Public transit riders use various tactics to cope with feeling unsafe, and women are more likely than men to do so. Women said they were often on high alert (59%), used their phone to avoid unwanted attention (46%), avoided public transit in the dark (38%), got off at an earlier stop (37%), traveled with others (32%), or decided not to take a trip at all and stay home (16%) to avoid harassment or feeling unsafe.
The proportion of Torontonians who don’t feel safe taking public transit is alarmingly high,” says Demetre Eliopoulos, Senior Vice President, Public Affairs at the Angus Reid Group, “The fact that women are adapting their travel behaviour in so many ways, to the point where some are just opting to stay home, indicates that there is a fundamental accessibility issue at play here.”
Most of the public transit riders (82%) were optimistic and felt that public transit could be much safer with the correct investments and safety measures.

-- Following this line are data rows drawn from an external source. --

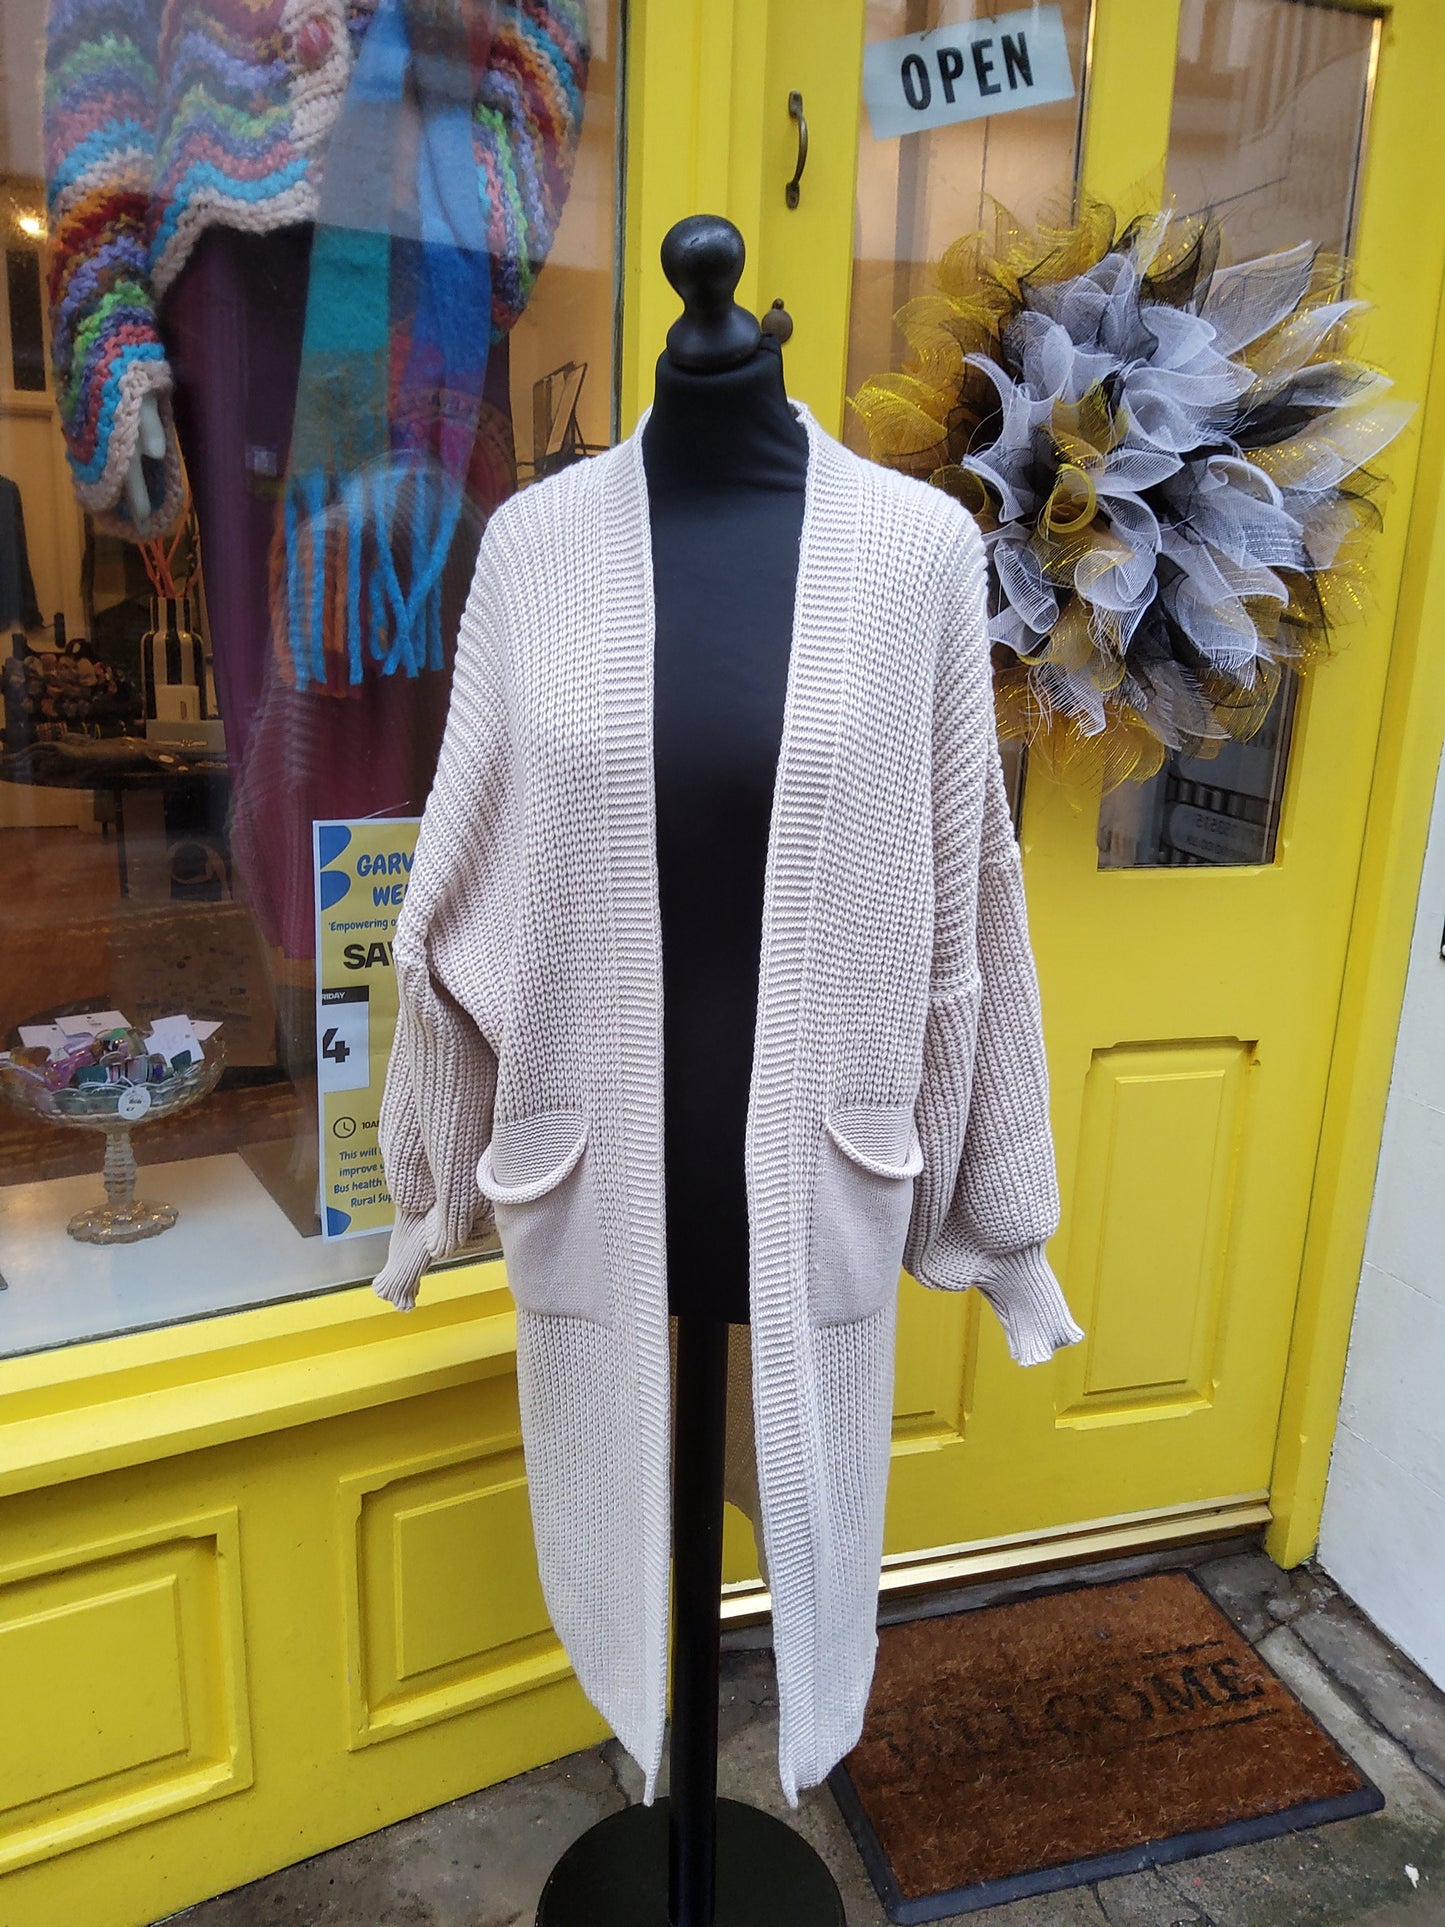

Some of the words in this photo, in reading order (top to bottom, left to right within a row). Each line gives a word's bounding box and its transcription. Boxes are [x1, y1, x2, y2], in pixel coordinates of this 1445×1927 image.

[901, 31, 1034, 110] OPEN
[372, 883, 409, 907] WE
[322, 1027, 350, 1064] 4
[339, 1151, 357, 1160] This
[359, 1148, 377, 1157] will
[339, 1164, 377, 1178] improve
[334, 1184, 349, 1194] Bus
[352, 1178, 382, 1190] health
[351, 1195, 375, 1207] Rural

When asked about which proposed safety measures would help end sexual harassment on transit, good lighting, security features such as a cameras and request-stop programs topped the list.
“Tackling sexual and gender harassment requires change at system, organizational and behavioural levels. This is no different when addressing sexual harassment on public transit.” Said Harmy Mendoza, Executive Director of WomanACT. “In addition to transit policies, services and infrastructure that promote safety, it is critical that transit employees and riders can identify harassment and intervene when safe to do so.”
While the majority (95%) of survey respondents said that it was important to have information on how they can intervene, only 56% of respondents reported that they would know how to intervene if they saw someone in danger on public transit.
Other survey findings:
- Women (18%) were more likely than men (14%) to report safety as a main reason for taking another mode of transportation over public transit.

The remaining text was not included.